PALABRAS CLAVE: EVALUACIÓN DE PROGRAMAS; DISEÑOS DE INVESTIGACIÓN EVALUATIVA; FORMACIÓN DEL EVALUADOR; ABORDAJES EVALUATIVOS

APRESENTAÇÃO

Chris L. S. Coryn é diretor do Programa de Doutorado Interdisciplinar em Avaliação e professor titular de Avaliação na Western Michigan University (WMU). Tem graduação em Psicologia e mestrado em Psicologia Social e Experimental, ambos pela Indiana University. Seu doutorado, em Filosofia da Avaliação, pela Western Michigan University, foi orientado por Michael Scriven, importante teórico cujas contribuições no desenvolvimento da avaliação de programas são inúmeras. Com vasta experiência no campo da avaliação, Coryn tem como interesses de pesquisa a história da avaliação, a pesquisa em teorias da avaliação, métodos de pesquisa quantitativos, qualitativos e mistos, teorias da medição e psicometria e metanálise. Sua trajetória acadêmica é marcada por inúmeros trabalhos de investigação e avaliações em vários domínios, incluindo educação, ciência e tecnologia, saúde e medicina, desenvolvimento comunitário e internacional e serviços sociais e humanos, tendo autorado ou coautorado mais de cem relatórios de pesquisa. Dá aulas, palestras e workshops tanto nos Estados Unidos e Canadá quanto em outros países da Europa, Ásia e Oceania. Sua produção científica é extensa, com mais de noventa contribuições entre artigos científicos, verbetes para enciclopédias especializadas, capítulos e livros, dentre os quais se destacam as discussões conceituais, teóricas e metodológicas sobre avaliação de programas. Por sua contribuição às áreas de pesquisa e ao campo de avaliação, já foi agraciado com quatro prêmios, com destaque para o Research on Evaluation Distinguished Scholar Award, da American Educational Research Association (AERA). É autor, juntamente com Daniel Stufflebeam (in memoriam), de Evaluation theory, models and applications, publicado pela Jossey-Bass em 2014.
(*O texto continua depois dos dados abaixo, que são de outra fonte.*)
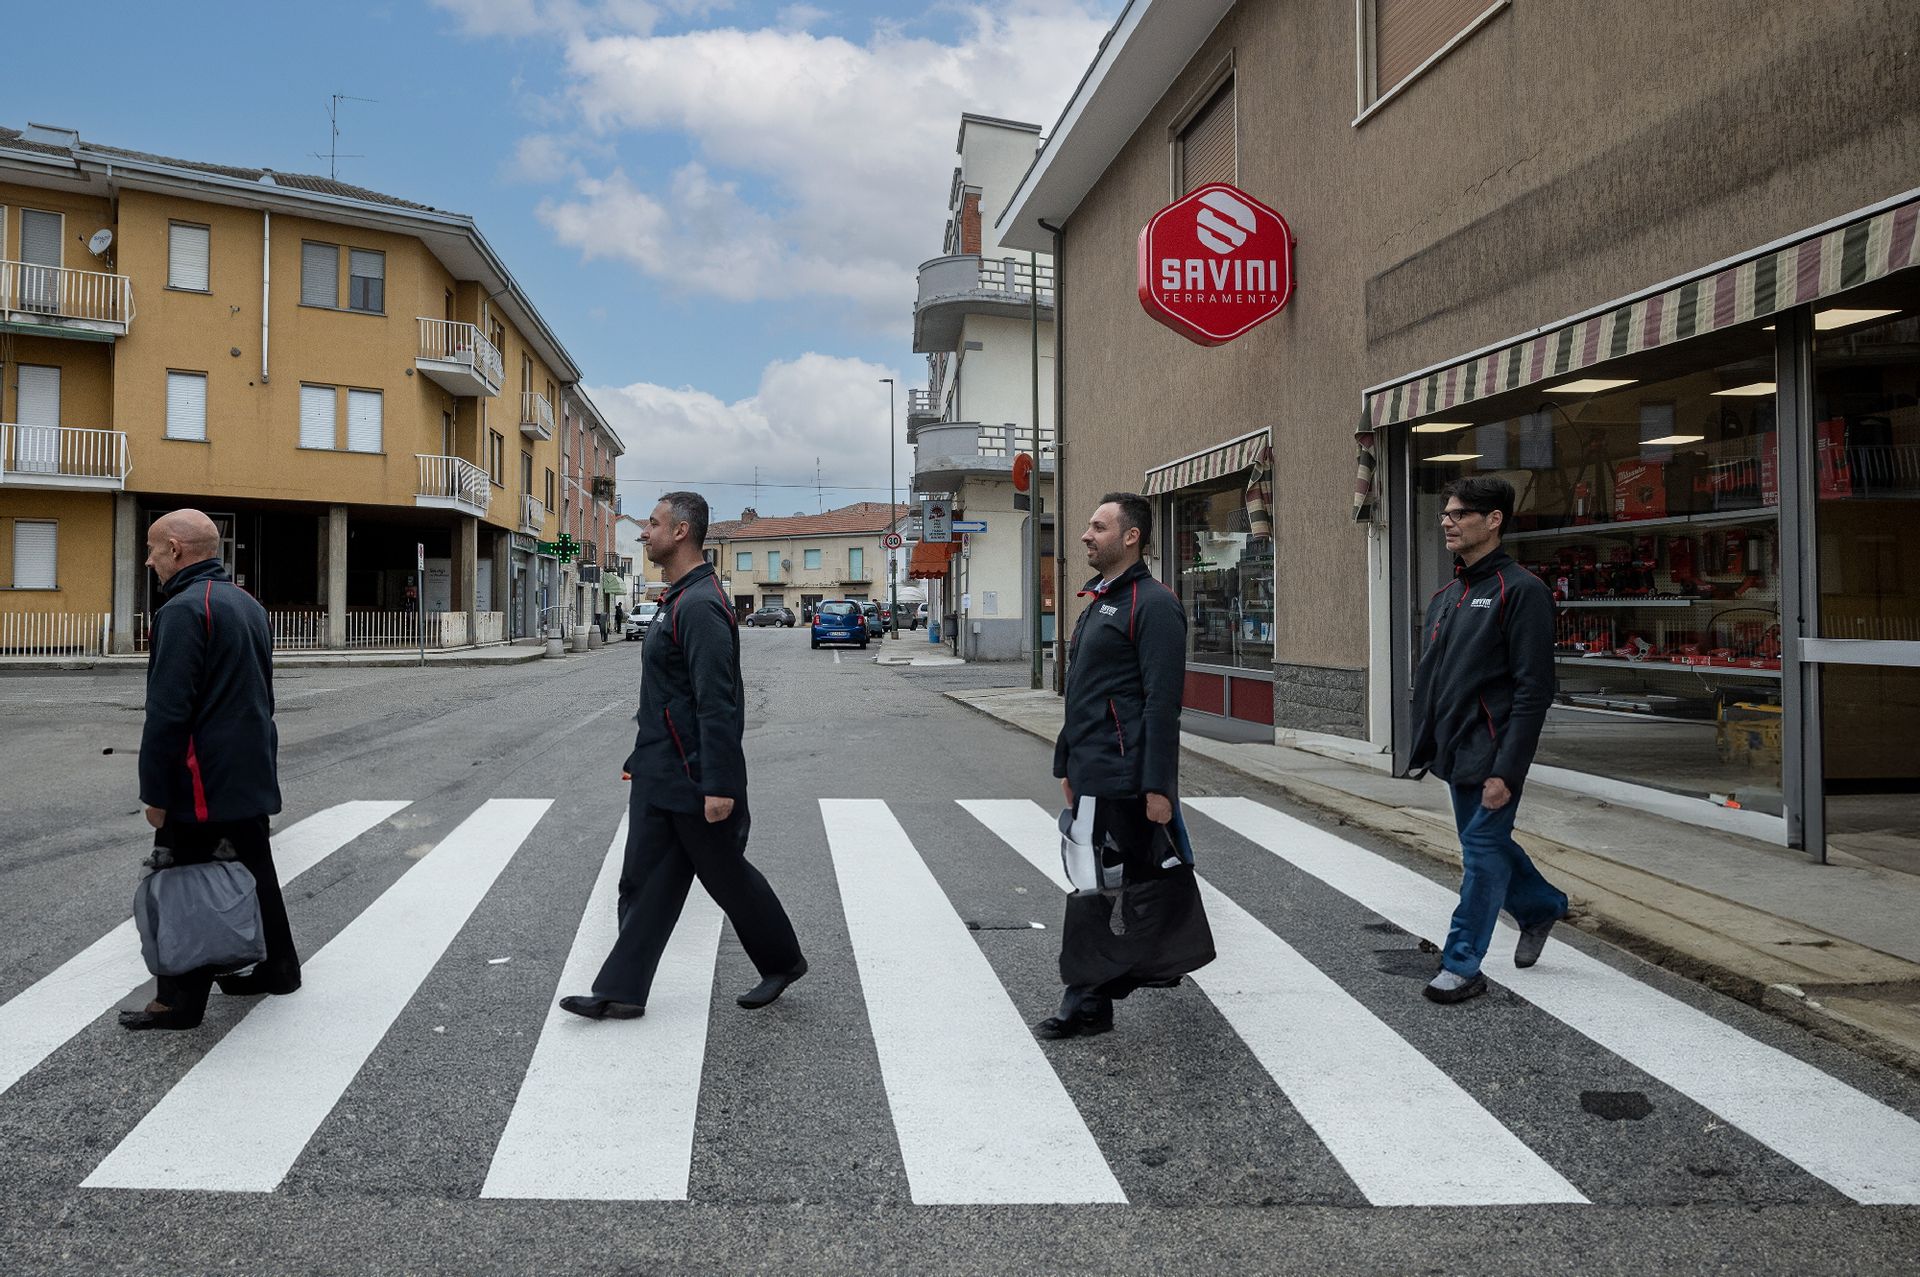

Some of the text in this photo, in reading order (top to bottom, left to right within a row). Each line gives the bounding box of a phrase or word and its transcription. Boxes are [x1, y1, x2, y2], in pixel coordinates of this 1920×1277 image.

[1161, 258, 1277, 292] SAVINI
[1163, 293, 1278, 304] FERRAMENTA
[888, 537, 898, 545] 30
EAE: Considerando o contexto brasileiro, no campo educacional, parece mais comum pesquisar políticas públicas utilizando um referencial de análise de políticas do que teorias e desenhos de avaliação de programas. Quais são as principais diferenças, e quais os princípios comuns, se é que existem, entre esses campos de pesquisa? Além disso, poderia nos dar uma definição de avaliação (no contexto de avaliação de programas) que o senhor considere boa/adequada?

CC: Os termos avaliação e análise de políticas são frequentemente utilizados como sinônimos, e as distinções entre eles não são necessariamente metodológicas. Ambas se ocupam de objetos de investigação semelhantes. Porém a análise de políticas normalmente se ocupa somente de questões do tipo “o que é?” (ou seja, conclusões descritivas baseadas em fatos) e geralmente não aborda questões do tipo “e daí?” (isto é, conclusões avaliativas baseadas em valores). Valor, valores e valoração são os aspectos centrais que distinguem a avaliação das disciplinas relacionadas, incluindo análise de políticas e pesquisa aplicada, entre muitas outras (por exemplo, avaliação de aprendizado). Por definição - e, portanto, dado que a raiz do termo avaliação é “valu” -, avaliação é o processo de determinar o mérito, o valor ou o significado de algo, ou o produto desse processo. Essa definição não é nem muito ampla nem muito restrita, e é suficiente para abarcar a maioria dos tipos e objetos de avaliação (por exemplo, programas, políticas, profissionais).

EAE: No Brasil, as políticas e programas são marcados por rupturas e mudanças significativas em suas concepções, por conta das mudanças de poder nos governos. No seu ponto de vista, como conduzir avaliações de programas considerando o desafio imposto por esse contexto político e administrativo dos entes federativos?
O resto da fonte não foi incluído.